RECORDS Block Start

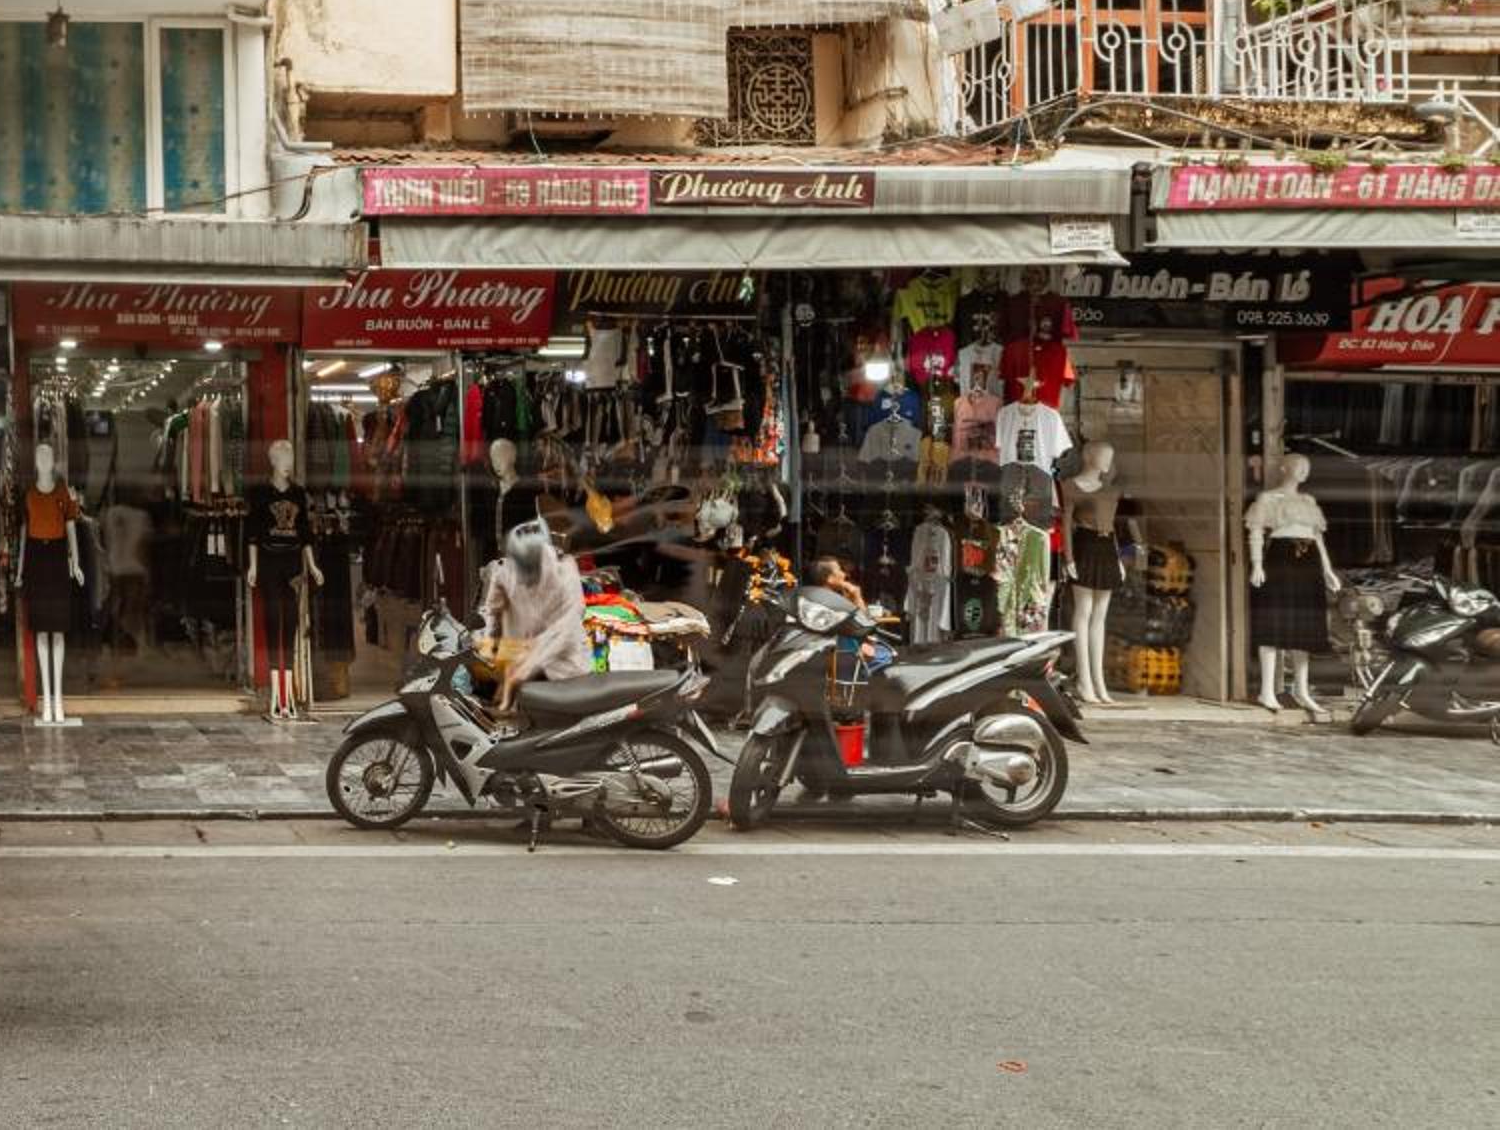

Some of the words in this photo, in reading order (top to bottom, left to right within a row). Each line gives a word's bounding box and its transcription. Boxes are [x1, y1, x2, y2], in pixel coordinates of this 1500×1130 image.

[659, 172, 784, 204] Phương
[794, 174, 864, 199] Anh
[1263, 172, 1334, 201] LOAN
[1357, 172, 1388, 201] 61
[1395, 168, 1468, 201] HÀNG
[1366, 294, 1466, 334] HOA
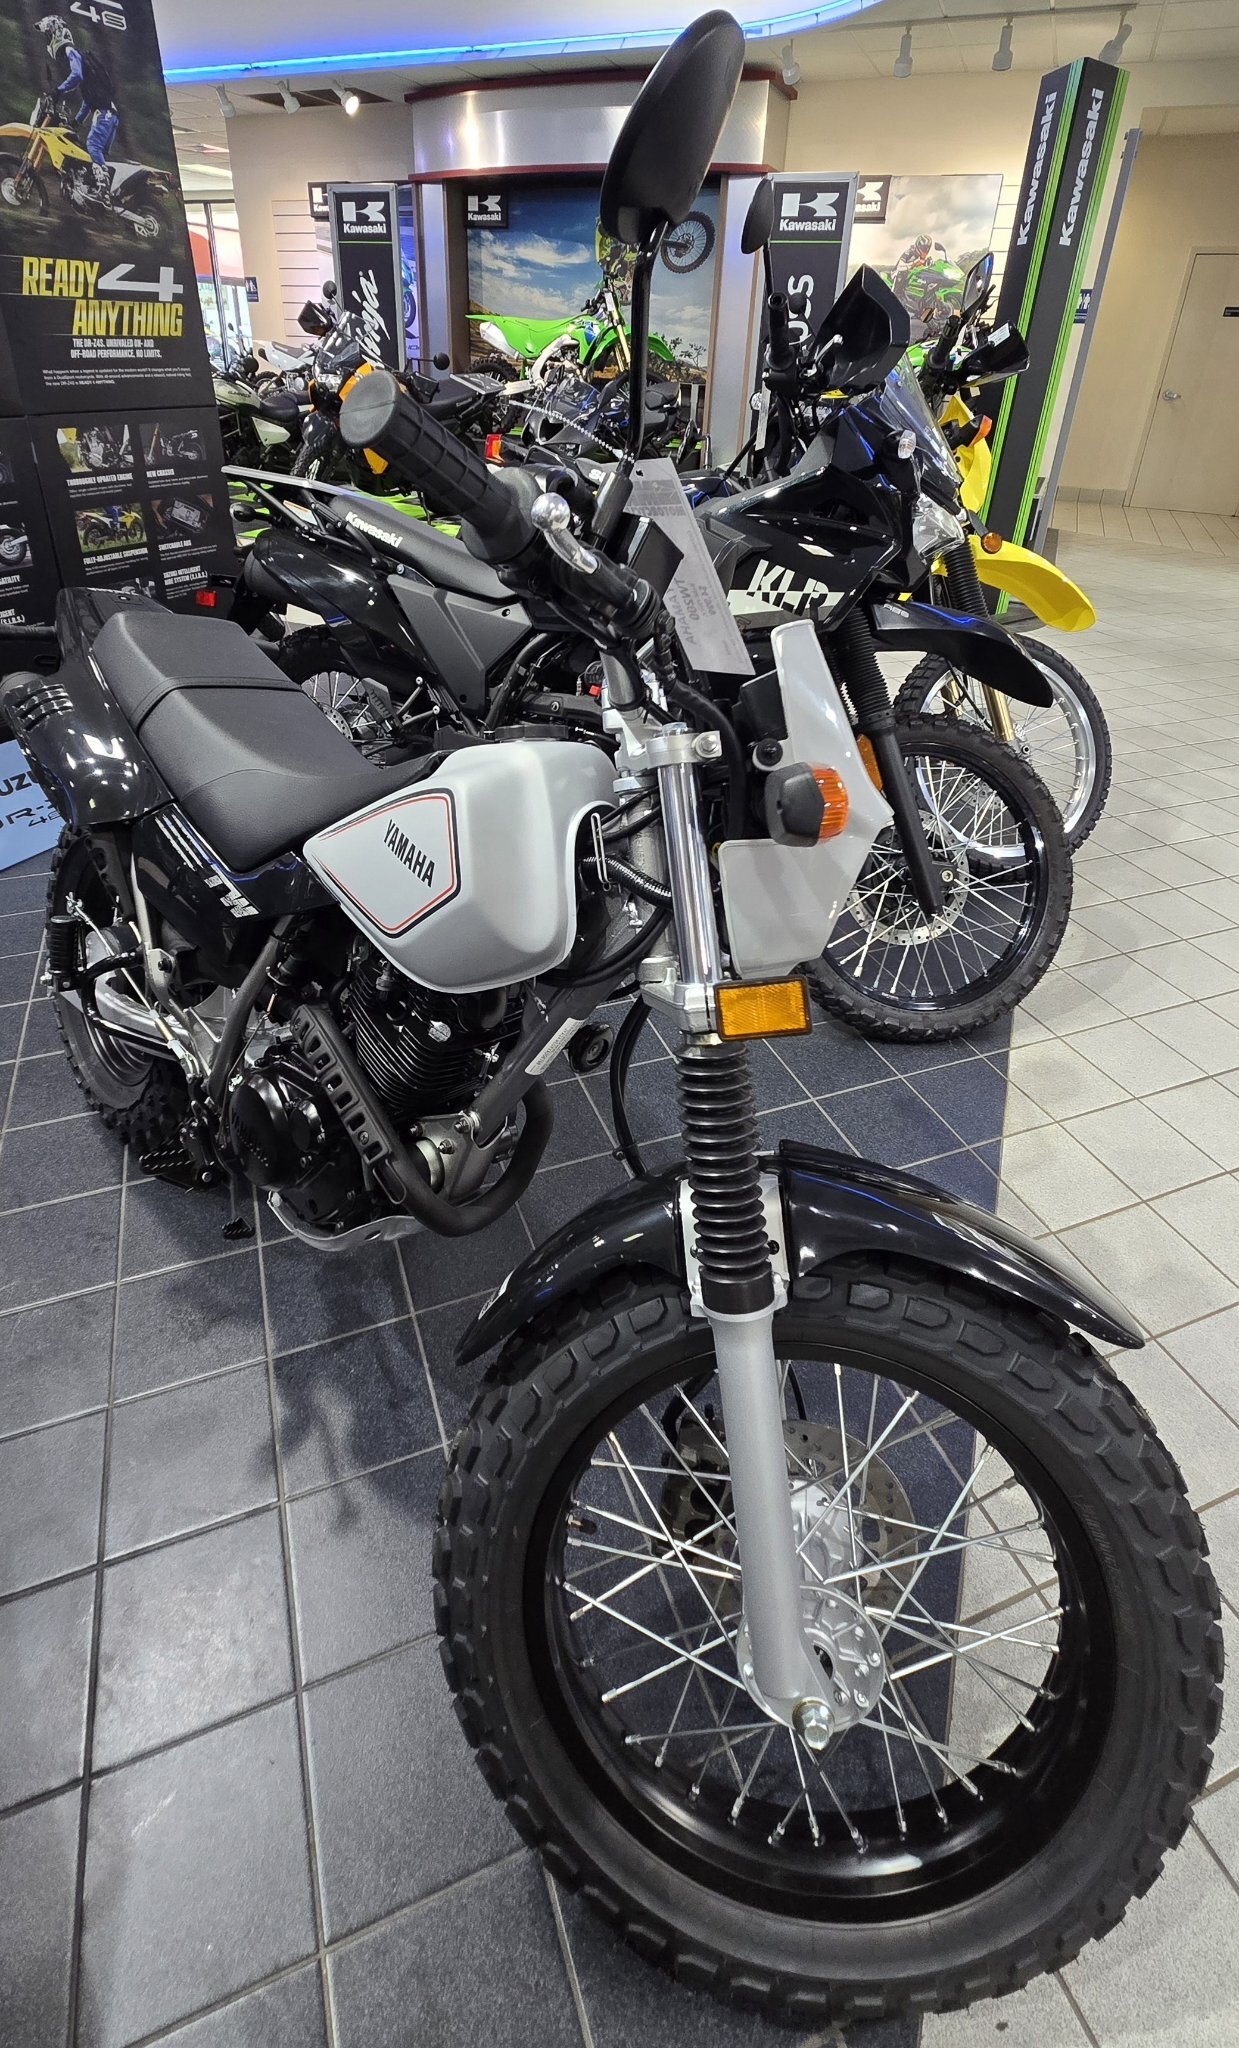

RECORDS Block End

- EXERCISE DESCRIPTION -
If pictures appear in the data, omit them and copy all other parts exactly.

- SOLVED PROBLEM -
Some of the words in this photo, in reading order (top to bottom, left to right within a row). Each line gives a word's bounding box and its transcription. Boxes are [x1, y1, x2, y2], in pixel coordinates of this 1500×1130 image.

[659, 172, 784, 204] Phương
[794, 174, 864, 199] Anh
[1263, 172, 1334, 201] LOAN
[1357, 172, 1388, 201] 61
[1395, 168, 1468, 201] HÀNG
[1366, 294, 1466, 334] HOA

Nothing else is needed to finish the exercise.